----- PROVIDED ENTRIES
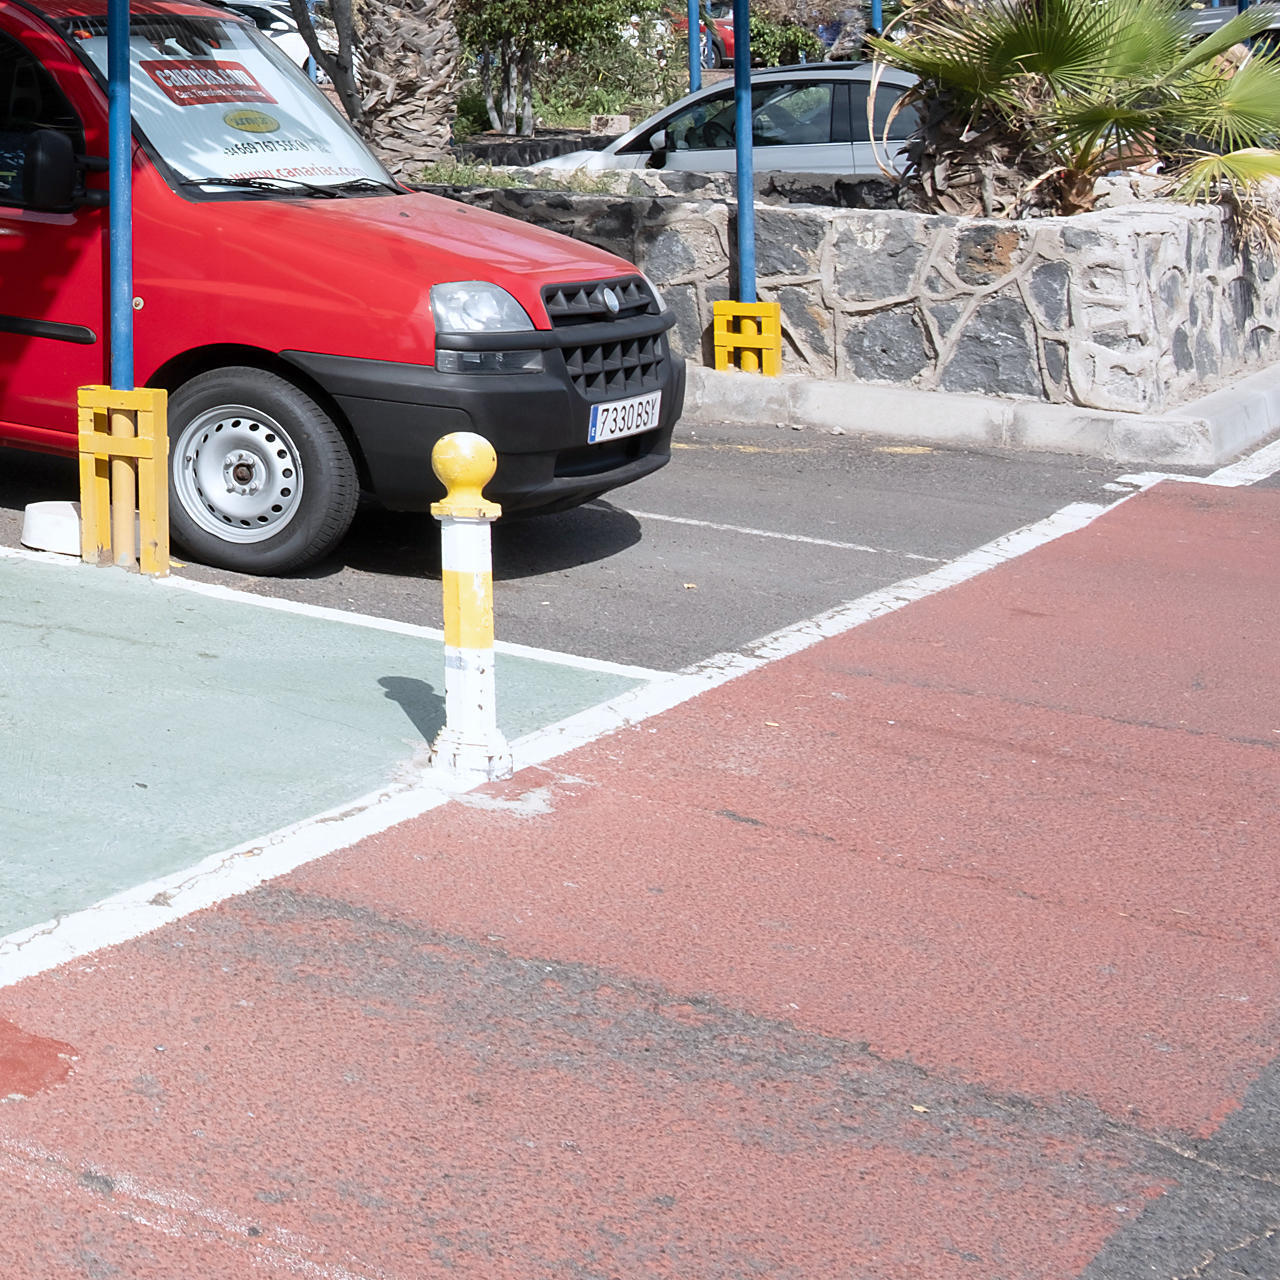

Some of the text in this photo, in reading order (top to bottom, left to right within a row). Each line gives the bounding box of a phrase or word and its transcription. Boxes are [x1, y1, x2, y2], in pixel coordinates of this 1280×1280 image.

[155, 65, 257, 87] canarias.com
[234, 142, 259, 154] 669
[255, 140, 279, 153] 767
[229, 163, 370, 180] www.canarias.com
[600, 405, 635, 437] 7330
[636, 398, 657, 428] BSY
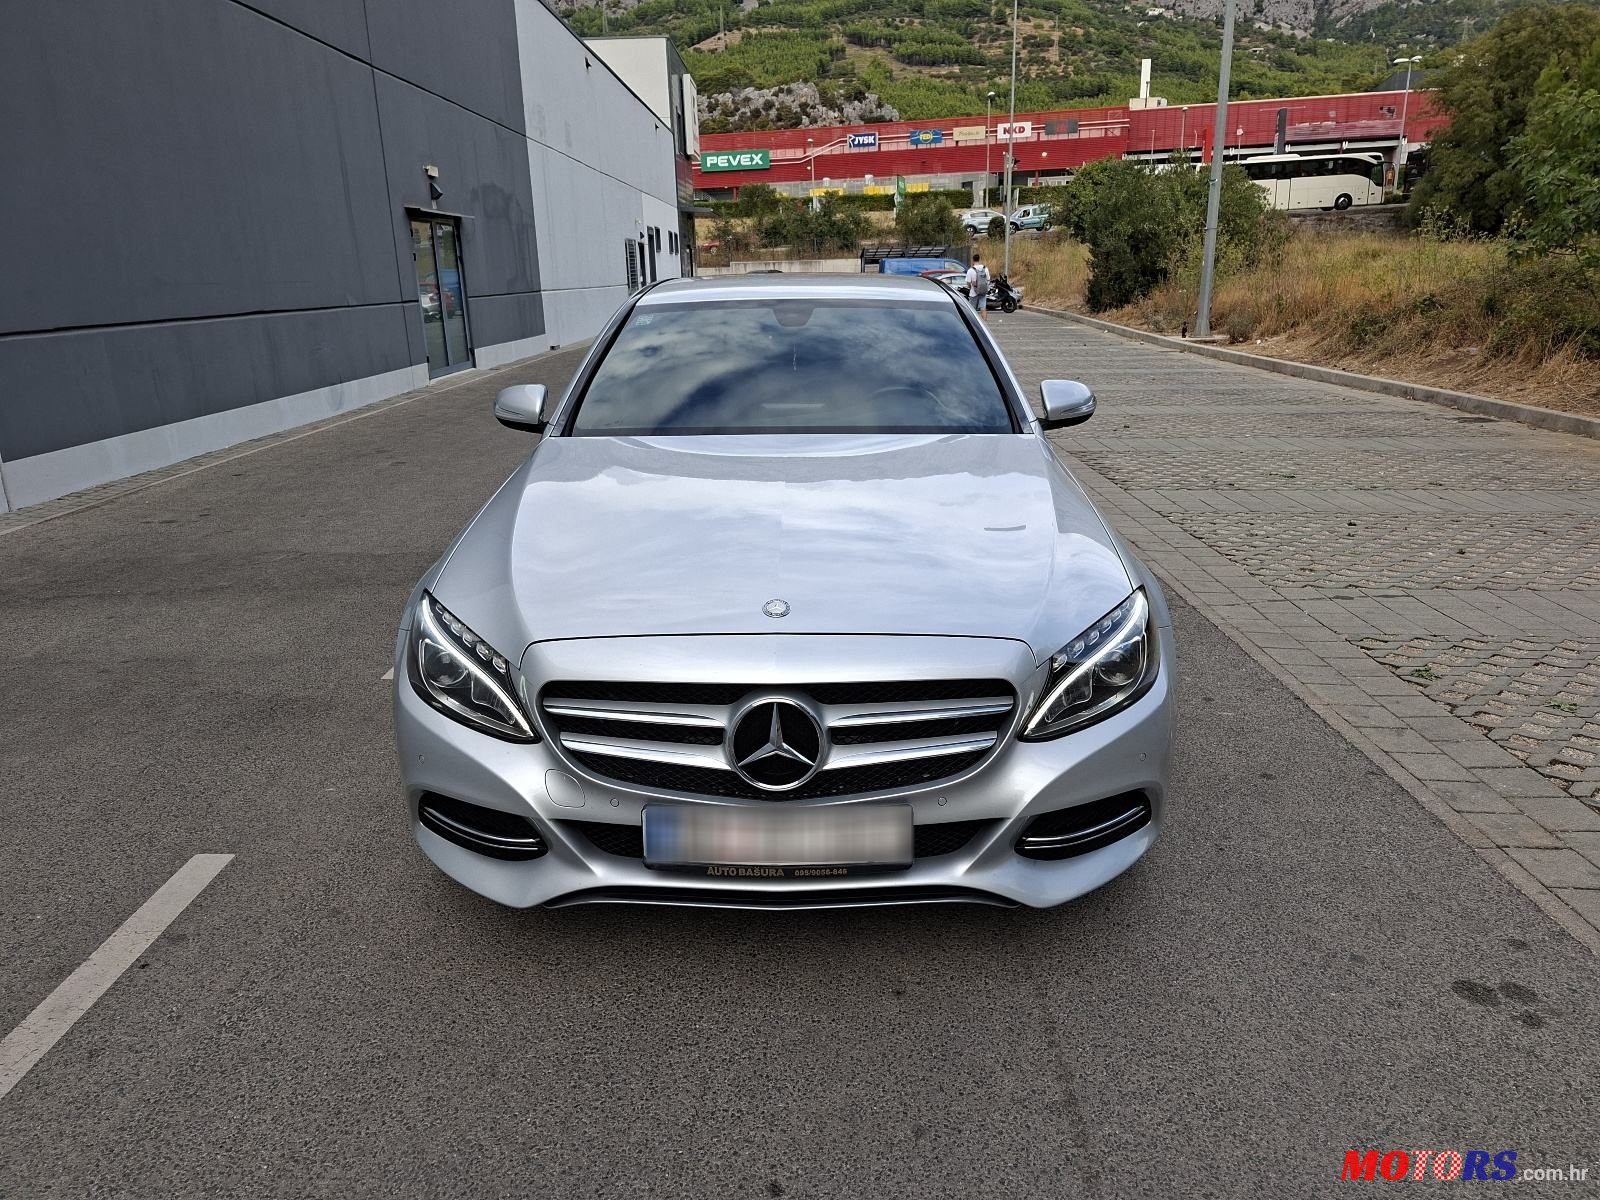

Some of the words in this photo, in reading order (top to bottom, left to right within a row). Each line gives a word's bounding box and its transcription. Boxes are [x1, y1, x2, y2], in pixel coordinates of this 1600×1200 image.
----------
ASSIGNMENT -
Could you output every record above exactly as written, leaving out the pictures?

OUTPUT FOR THIS TASK -
Some of the text in this photo, in reading order (top to bottom, left to right within a row). Each line gives the bounding box of a phrase or word and its transcription. Boxes are [x1, y1, x2, y2], in pixel coordinates of this 1280×1280 image.

[155, 65, 257, 87] canarias.com
[234, 142, 259, 154] 669
[255, 140, 279, 153] 767
[229, 163, 370, 180] www.canarias.com
[600, 405, 635, 437] 7330
[636, 398, 657, 428] BSY

Some of the words in this photo, in reading order (top to bottom, left to right within a row). Each line gives a word's bounding box and its transcription. Boxes are [x1, y1, x2, y2], in pixel coordinates of this 1600×1200 image.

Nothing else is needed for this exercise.